Task brief = Exact reproduction of every record is required, and pictures are to be excluded.
-- Records for processing follows --
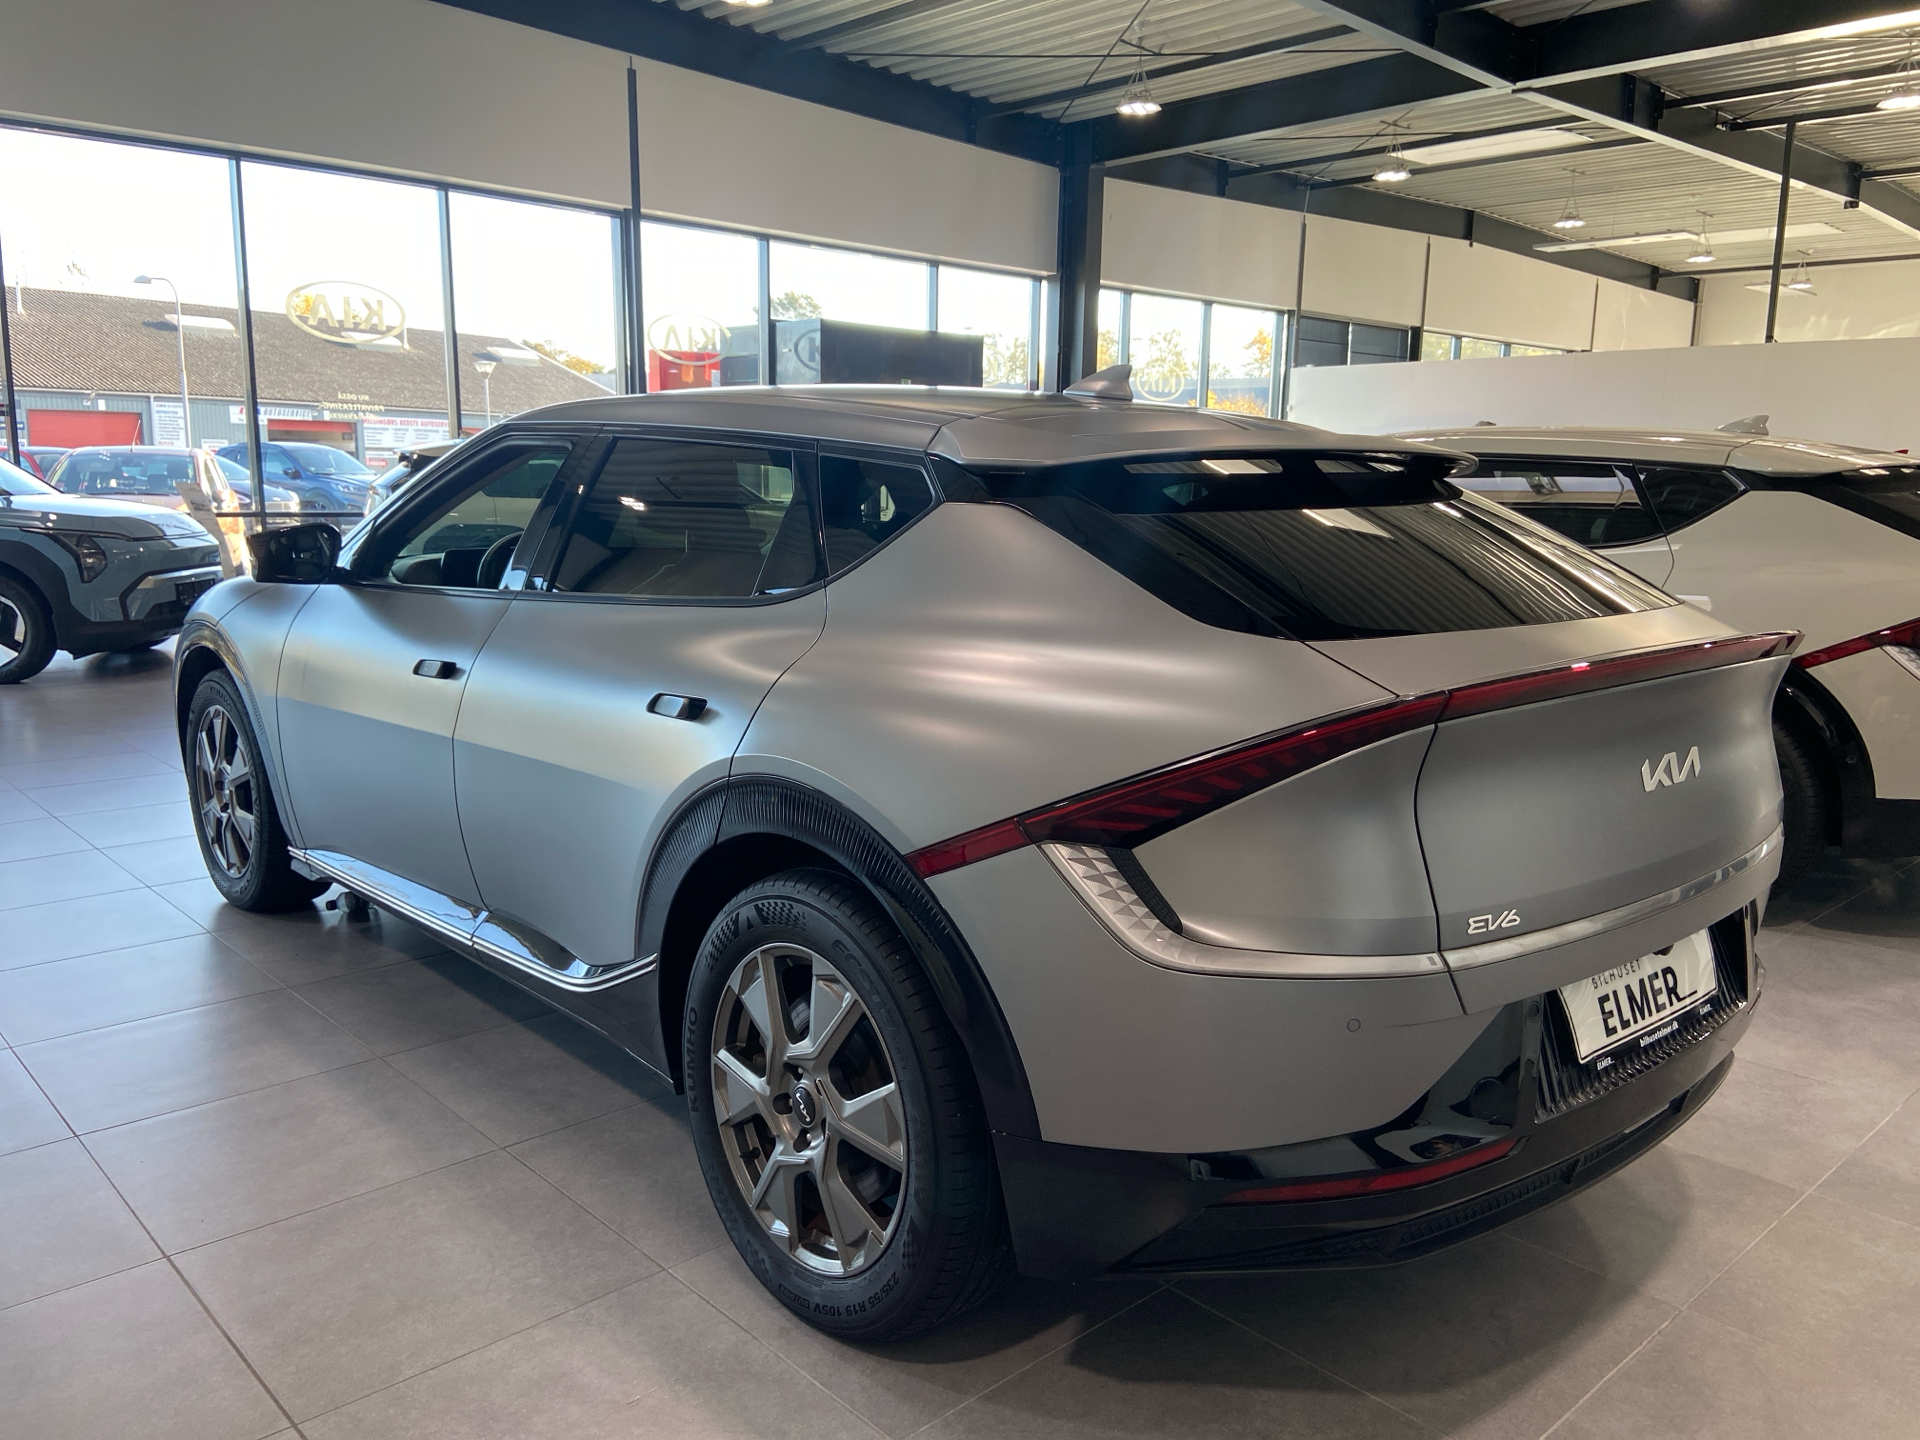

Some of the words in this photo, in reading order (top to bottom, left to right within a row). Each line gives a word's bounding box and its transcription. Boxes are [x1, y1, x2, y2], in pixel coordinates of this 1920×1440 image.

[263, 408, 311, 418] AUTOSERVICE
[399, 419, 419, 427] BEDSTE
[1641, 745, 1701, 792] KIA
[1467, 909, 1521, 935] EV6
[1591, 959, 1641, 990] BILHUSET
[687, 1006, 699, 1113] KUMHO
[867, 1271, 900, 1309] 235/55
[813, 1302, 843, 1317] 105V
[845, 1300, 867, 1316] R19
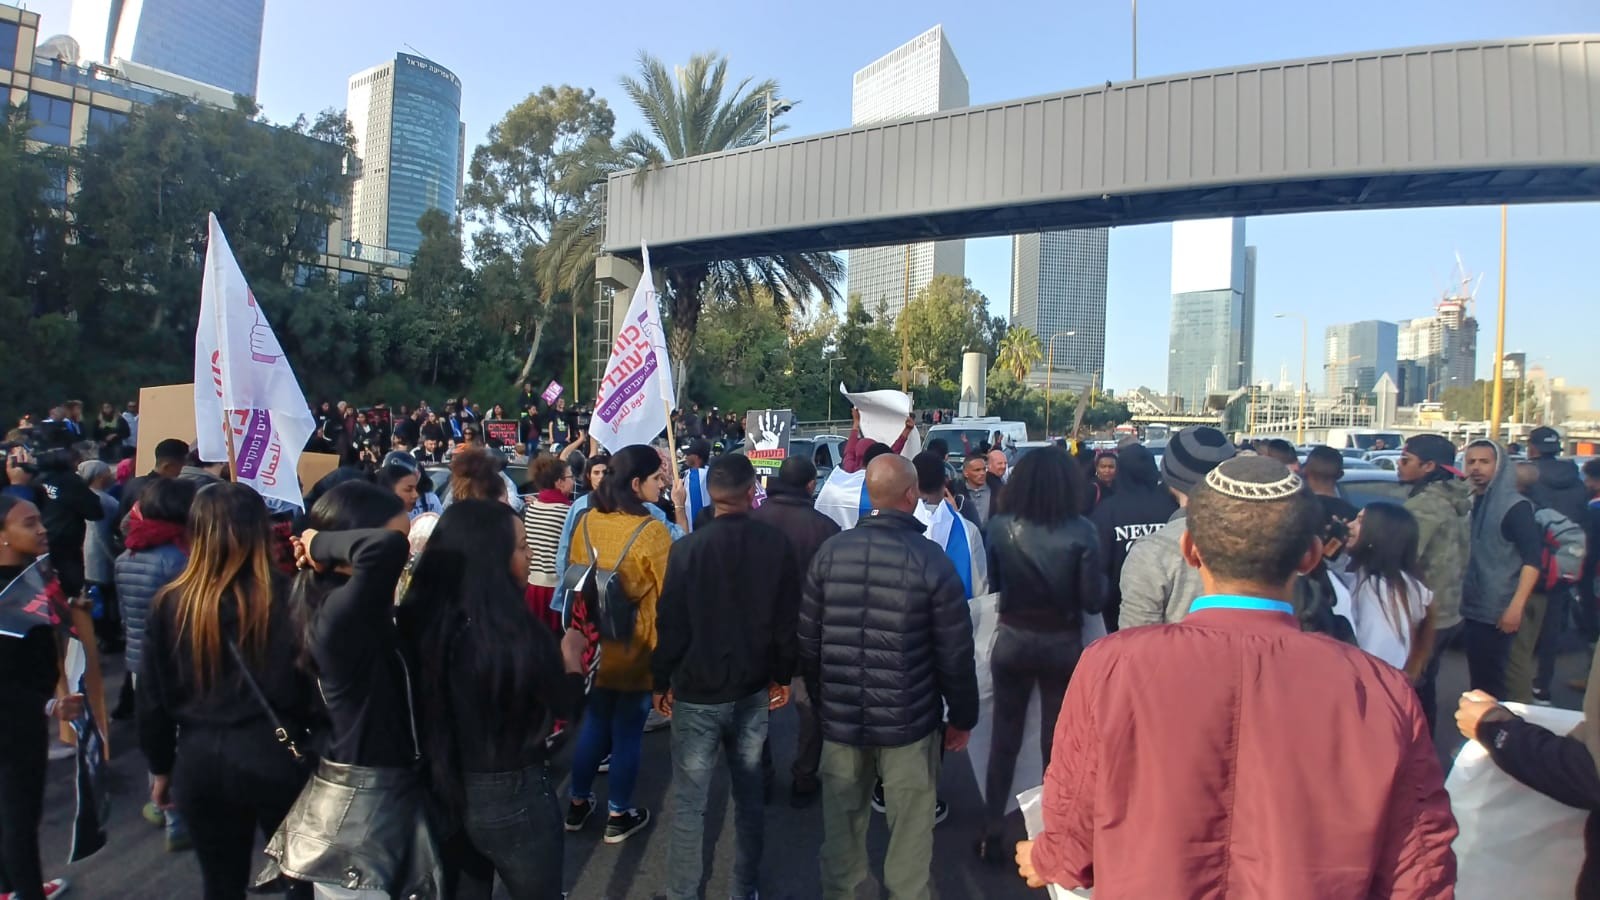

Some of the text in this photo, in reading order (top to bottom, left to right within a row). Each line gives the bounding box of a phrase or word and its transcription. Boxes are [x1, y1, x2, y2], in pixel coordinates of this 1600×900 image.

[406, 57, 428, 69] ישראל
[241, 433, 264, 473] דמוקרטי
[260, 442, 281, 487] للعمال
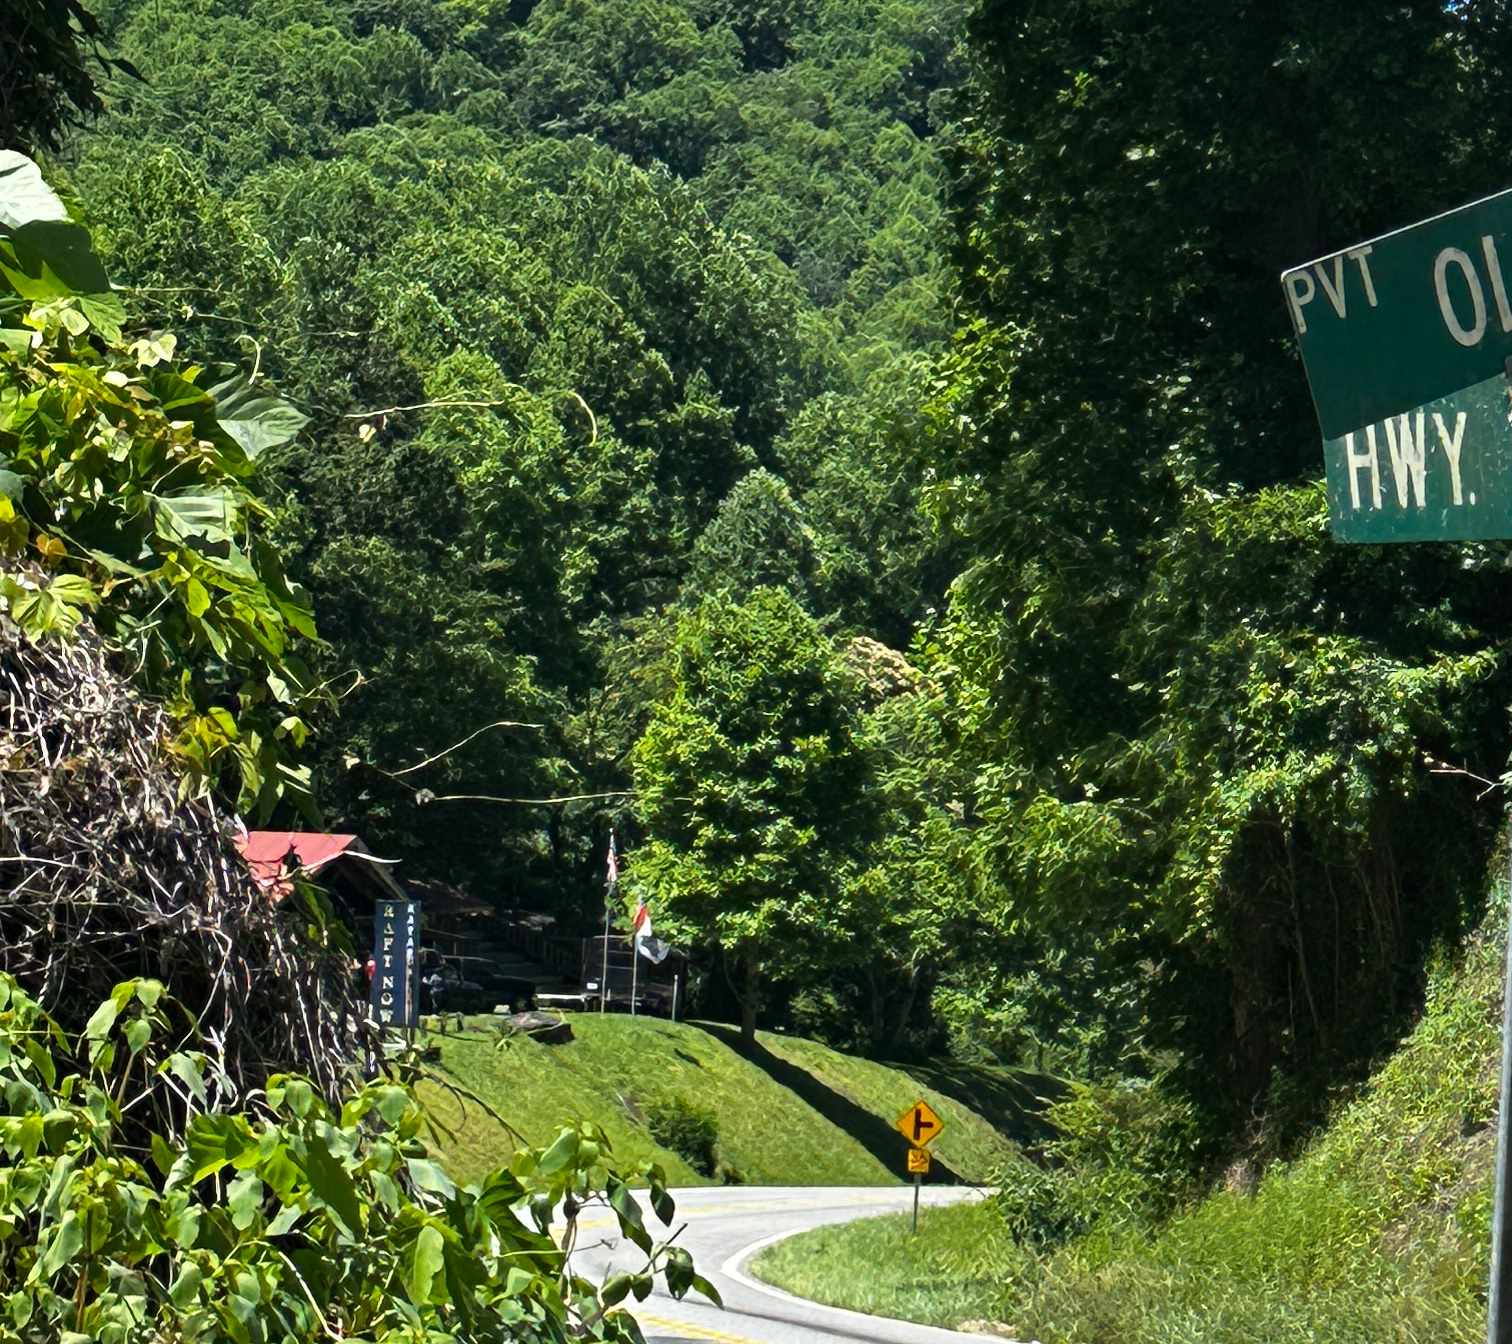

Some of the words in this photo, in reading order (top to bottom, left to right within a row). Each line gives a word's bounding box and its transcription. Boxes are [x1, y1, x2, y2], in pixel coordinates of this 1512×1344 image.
-- Records for processing concluded --
Output of the task =
Some of the words in this photo, in reading order (top to bottom, left to right within a row). Each line gives a word's bounding box and its transcription. Boxes are [x1, y1, x2, y2], in pixel coordinates of this 1920×1440 image.

[263, 408, 311, 418] AUTOSERVICE
[399, 419, 419, 427] BEDSTE
[1641, 745, 1701, 792] KIA
[1467, 909, 1521, 935] EV6
[1591, 959, 1641, 990] BILHUSET
[687, 1006, 699, 1113] KUMHO
[867, 1271, 900, 1309] 235/55
[813, 1302, 843, 1317] 105V
[845, 1300, 867, 1316] R19

Some of the text in this photo, in reading order (top to bottom, left to right within a row). Each line gives the bounding box of a phrase or word and its transcription. Boxes are [x1, y1, x2, y2], in pixel coordinates of this 1600×900 image.

[406, 57, 428, 69] ישראל
[241, 433, 264, 473] דמוקרטי
[260, 442, 281, 487] للعمال

Some of the words in this photo, in reading order (top to bottom, left to right within a row). Each line gives a word's bounding box and its transcription. Boxes are [x1, y1, x2, y2], in pixel coordinates of this 1512×1344 image.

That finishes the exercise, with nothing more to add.